Background
Ernest Haskell was born on June 30, 1876 in Woodstock, Connecticut, United States. He was the son of Besture Haskell and Caledonia Raines, a member of a family of Norman-French nobility.
Ernest Haskell was born on June 30, 1876 in Woodstock, Connecticut, United States. He was the son of Besture Haskell and Caledonia Raines, a member of a family of Norman-French nobility.
Haskell's artistic career began very early when the editor of the New York Mail and Express recognized talent in some of his idle "scratchings" and published them.
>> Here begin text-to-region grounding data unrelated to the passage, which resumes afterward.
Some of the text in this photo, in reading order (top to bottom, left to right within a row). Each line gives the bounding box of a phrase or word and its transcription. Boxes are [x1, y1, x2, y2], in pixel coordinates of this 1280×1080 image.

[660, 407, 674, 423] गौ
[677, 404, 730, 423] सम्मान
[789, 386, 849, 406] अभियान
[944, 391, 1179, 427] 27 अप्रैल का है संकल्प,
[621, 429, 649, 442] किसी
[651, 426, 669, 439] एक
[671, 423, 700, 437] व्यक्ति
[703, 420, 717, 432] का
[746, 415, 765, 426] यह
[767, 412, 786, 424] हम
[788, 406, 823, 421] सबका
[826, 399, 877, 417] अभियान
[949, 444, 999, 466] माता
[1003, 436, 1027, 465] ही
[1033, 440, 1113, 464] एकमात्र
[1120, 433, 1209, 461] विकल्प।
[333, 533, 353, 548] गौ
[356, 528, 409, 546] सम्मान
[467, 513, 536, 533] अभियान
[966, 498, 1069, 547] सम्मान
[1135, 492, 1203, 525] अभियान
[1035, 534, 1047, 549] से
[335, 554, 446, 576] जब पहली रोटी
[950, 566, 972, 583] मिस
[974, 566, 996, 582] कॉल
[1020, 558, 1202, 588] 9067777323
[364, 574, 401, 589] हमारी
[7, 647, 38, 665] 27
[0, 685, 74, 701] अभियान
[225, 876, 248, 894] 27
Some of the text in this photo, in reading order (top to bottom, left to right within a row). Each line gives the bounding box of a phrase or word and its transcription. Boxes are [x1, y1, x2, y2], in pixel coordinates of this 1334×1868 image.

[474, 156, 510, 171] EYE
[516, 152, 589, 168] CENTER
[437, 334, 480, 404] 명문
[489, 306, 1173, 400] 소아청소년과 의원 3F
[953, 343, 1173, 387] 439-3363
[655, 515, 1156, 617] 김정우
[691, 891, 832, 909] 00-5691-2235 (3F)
The delighted boy decided at once to become an artist and later obtained a position in the art department of the New York American. In 1897 he went to Paris, studied in the galleries, took a studio, and produced a series of clever monotypes, one of them being hung in the Salon de Mars. These monotypes, some of them in pastel, were skilfully executed and evinced a sound knowledge of the technique involved in this form of reproduction.
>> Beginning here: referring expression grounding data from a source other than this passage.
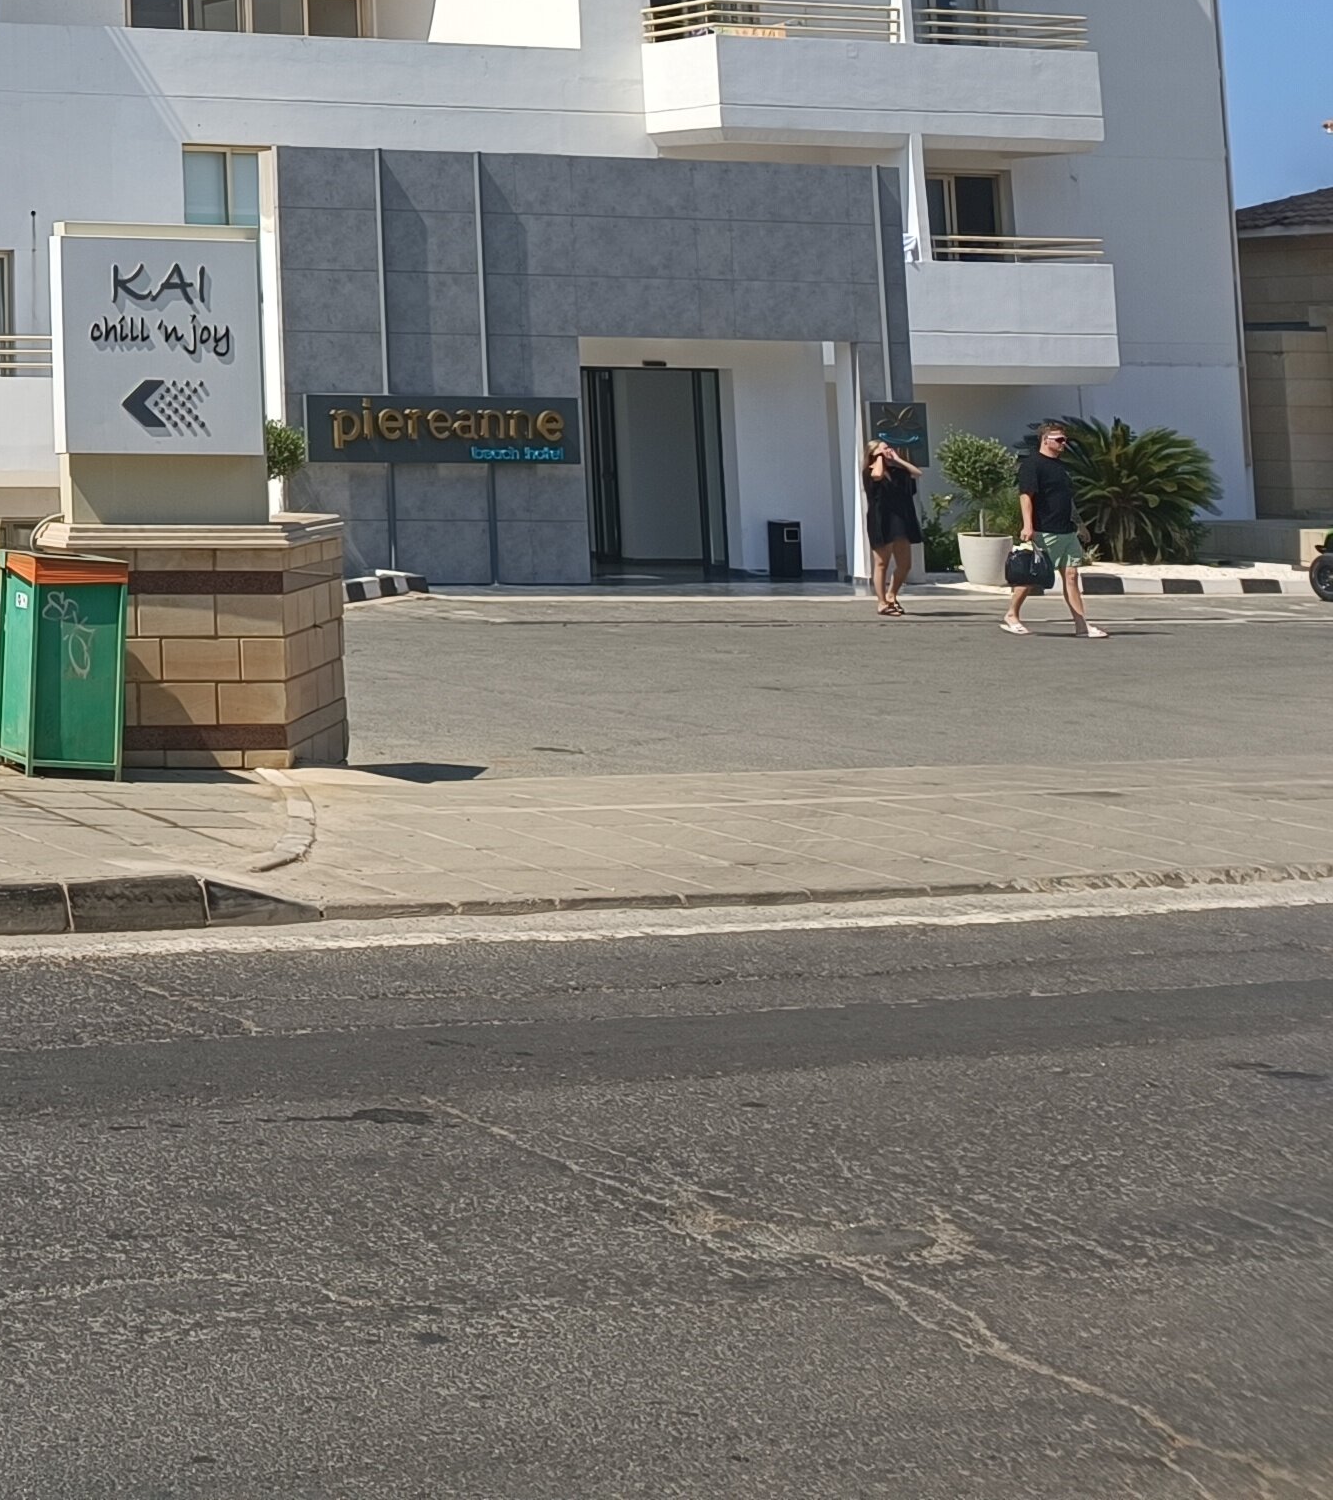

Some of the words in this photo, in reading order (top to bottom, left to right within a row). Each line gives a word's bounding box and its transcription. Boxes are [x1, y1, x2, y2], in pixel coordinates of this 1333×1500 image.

[111, 262, 206, 305] KAI
[90, 315, 150, 342] chill
[329, 397, 566, 450] piereanne
[470, 445, 520, 460] beach
[524, 445, 565, 460] hotel
Haskell returned to New York in 1898, making some successful caricatures and theatrical posters at a time when newspapers, magazines, and books were using them extensively for advertising. Among his posters were several of Minnie Maddern Fiske, which Weitenkampf says "attacted attention by their very reticence, by the simplicity of means used, crayoned with an almost pertly incisive characterization. "
He was unusually versatile. He worked delicately with crayon, making some notable drawings from nature; his silverpoints were of Whistler-like lightness, and he was also a successful painter. One of his best-known portraits is that of Joan and "Jock" Whitney, daughter and son of Mr. and Mrs. Payne Whitney. Among his lithographs is one of Maude Adams as Juliet. In 1899 he had an exhibition at the Pratt Institute, Brooklyn.
In 1900 Haskell returned to Paris. He worked alone for two years, studying the work of Rembrandt, Durer, and Leonardo - an intensive study which he carried on during his entire life. Despite the variety of his work, he is perhaps best known as an etcher, and his prints are highly prized by collectors.
During World War I Haskell served in the Camouflage Unit and developed camouflage painting for the United States Army.
An exhibition of his drawings, prints, silverpoints, and monotypes was held in New York in 1911 and at the Art Institute of Chicago in 1916. A series of etchings and drypoints of trees and landscape subjects, inspired by a trip to California and Florida, were also exhibited in New York. He made a set of fifty watercolors in California, and in Maine a lovely series showing picturesque woods and country towns.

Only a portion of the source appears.